The End of the World

Don Wyeth

The End of the World

3 mins
December 14, 2021

In the 1996 sci/fi movie thriller, Independence Day by director Roland Emmerich, a popular rock tune by R.E.M. entitled It’s the End of the World as We Know It (and I Feel Fine) opens the show. The chorus of the song goes:

It's the end of the world as we know it

It's the end of the world as we know it

It's the end of the world as we know it and I feel fine

But how could we possibly feel fine about the end of the world?

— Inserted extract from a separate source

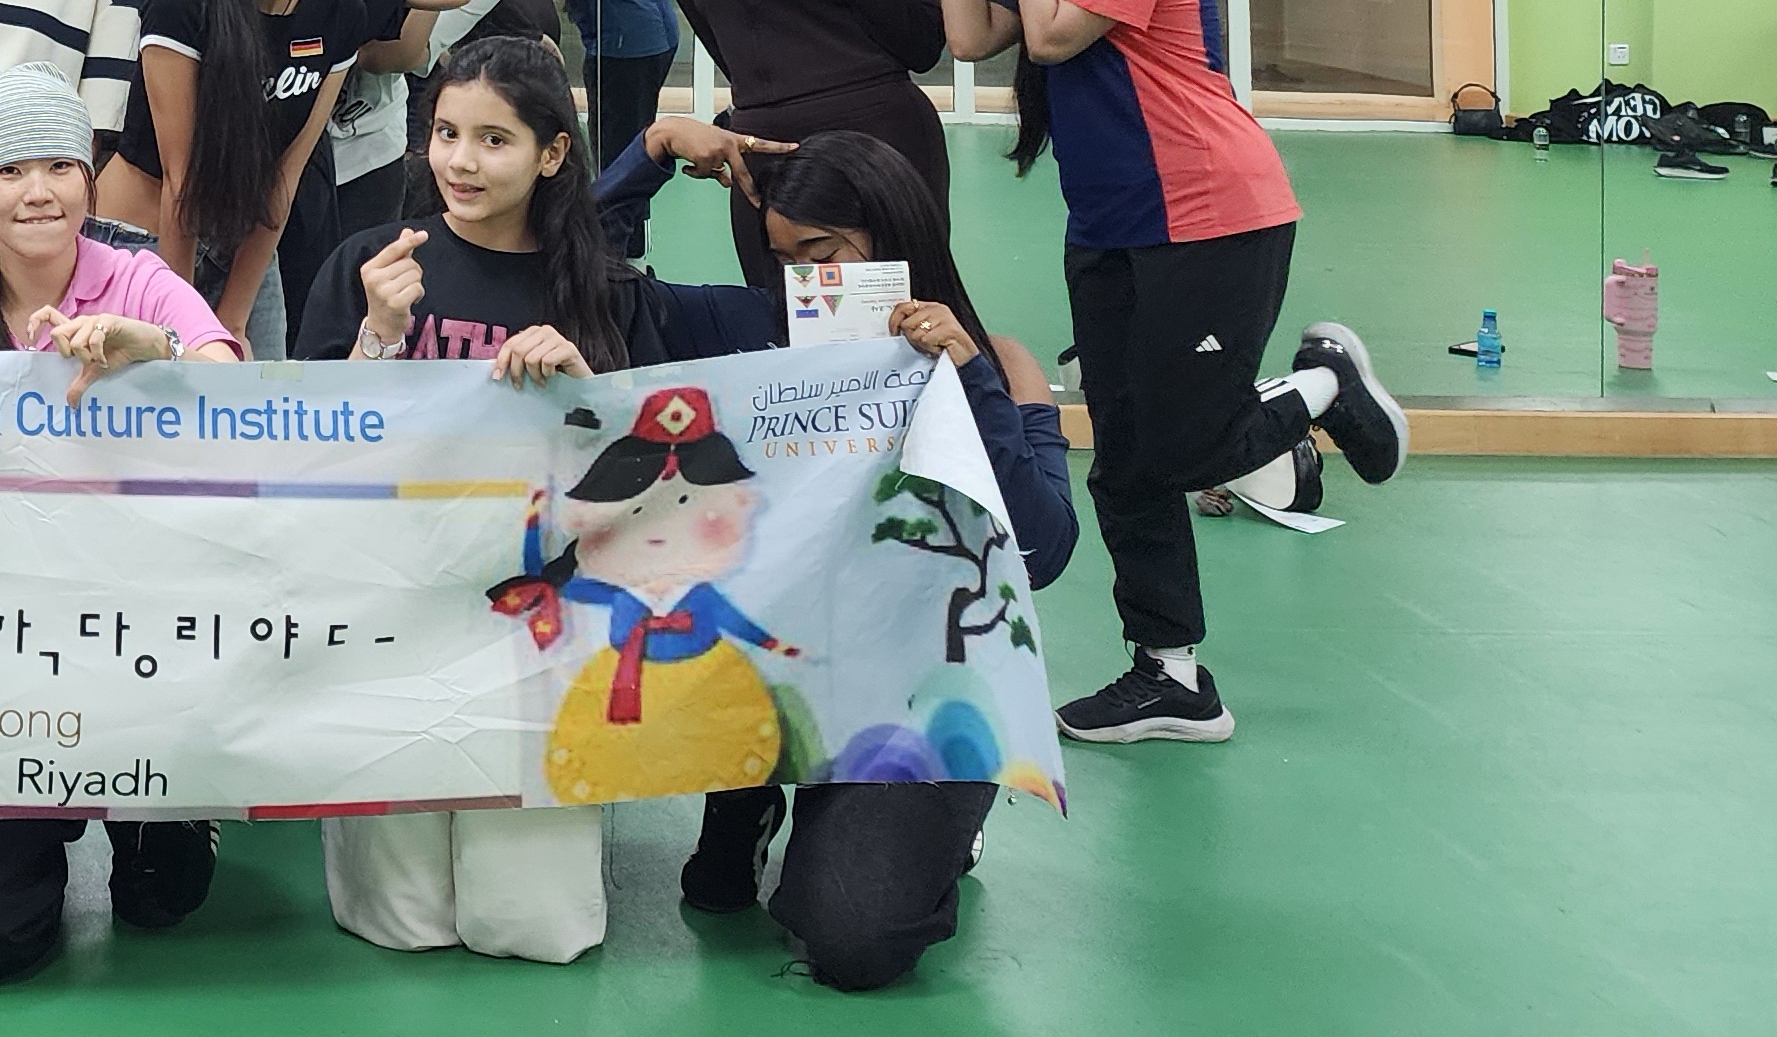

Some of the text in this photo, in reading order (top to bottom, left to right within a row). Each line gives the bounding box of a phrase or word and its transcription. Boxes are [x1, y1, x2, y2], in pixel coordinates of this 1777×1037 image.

Over the centuries there have been many predictions regarding the end of times. Prognosticator and American radio broadcaster, Harold Camping, is the most recent iteration of the doomsday prophets, predicting the end of the world no less than 12 times, using ‘biblical numerology’. His most memorable prediction was May 21, 2011. He claimed that the date was calculated by going forward 7000 years from the date of the great flood of Noah. How he knew the date that Noah went sailing is unclear. When the May 21 date came and went, he claimed that his math must have been off. So, he changed the date to October 21, 2011. I'm pretty sure, being that I am here writing this right now in 2021, instead of getting a hole in one, he obviously claimed another mulligan on that round.

Another prediction of note is one that was leveled by Taiwanese religious leader Hon-Ming Chen, head of the group called Chen Tao, translated ‘True Way’, a religion blending Christianity, Buddhism, UFO conspiracy theories, and Taiwanese folk religion. His prognostication zeroed in on March 25, 1988. This event would be triggered, Hon-Ming Chen stated, by the appearance of Jesus Christ on American TV channel 18, and UFOs coming to the rescue of the ‘true believers’. When this trigger event occurred, a spaceship (for which you had to buy a ticket) would save you. This prediction is striking in its similarities to the March 26, 1997 Heavens’ Gate tragedy perpetrated by a man named Applegate, who convinced his followers that they needed to kill themselves so that the UFO rescue craft could collect their souls before the earth was destroyed.

There are other examples. There was the Halley’s Comet Panic of 1910, where the end would be caused by the earth passing through its poisonous tail. Another involved “…[r]eligious leader William Miller … preaching in 1831 that the end of the world as we know it would occur with the second coming of Jesus Christ in 1843.” britannica.com.  He later wrote, “…I waited all Tuesday, and dear Jesus did not come … I lay prostrate for 2 days without any pain—sick with disappointment…” Then there was 64-year-old Joanna Southcott in 1813 who announced that she was a virgin and the she would give birth to the second Messiah the following year, signaling the end of time. But, I guess the baby got thrown out with the bathwater. My apologies for the blatant irreverence. There was even an end times prophecy made by a chicken! “In 1806, a domesticated hen in Leeds, England, appeared to lay eggs inscribed with the message ‘Christ is coming.’” Turns out that her owner actually wrote the messages on the eggs himself and then put them back in to the chicken. Where is the ASPCA when you need them? One recent example of end times prediction is the 2012 Mayan prophecy that was mistakenly taken to mean the end of time but was simply indicating the end of a time cycle.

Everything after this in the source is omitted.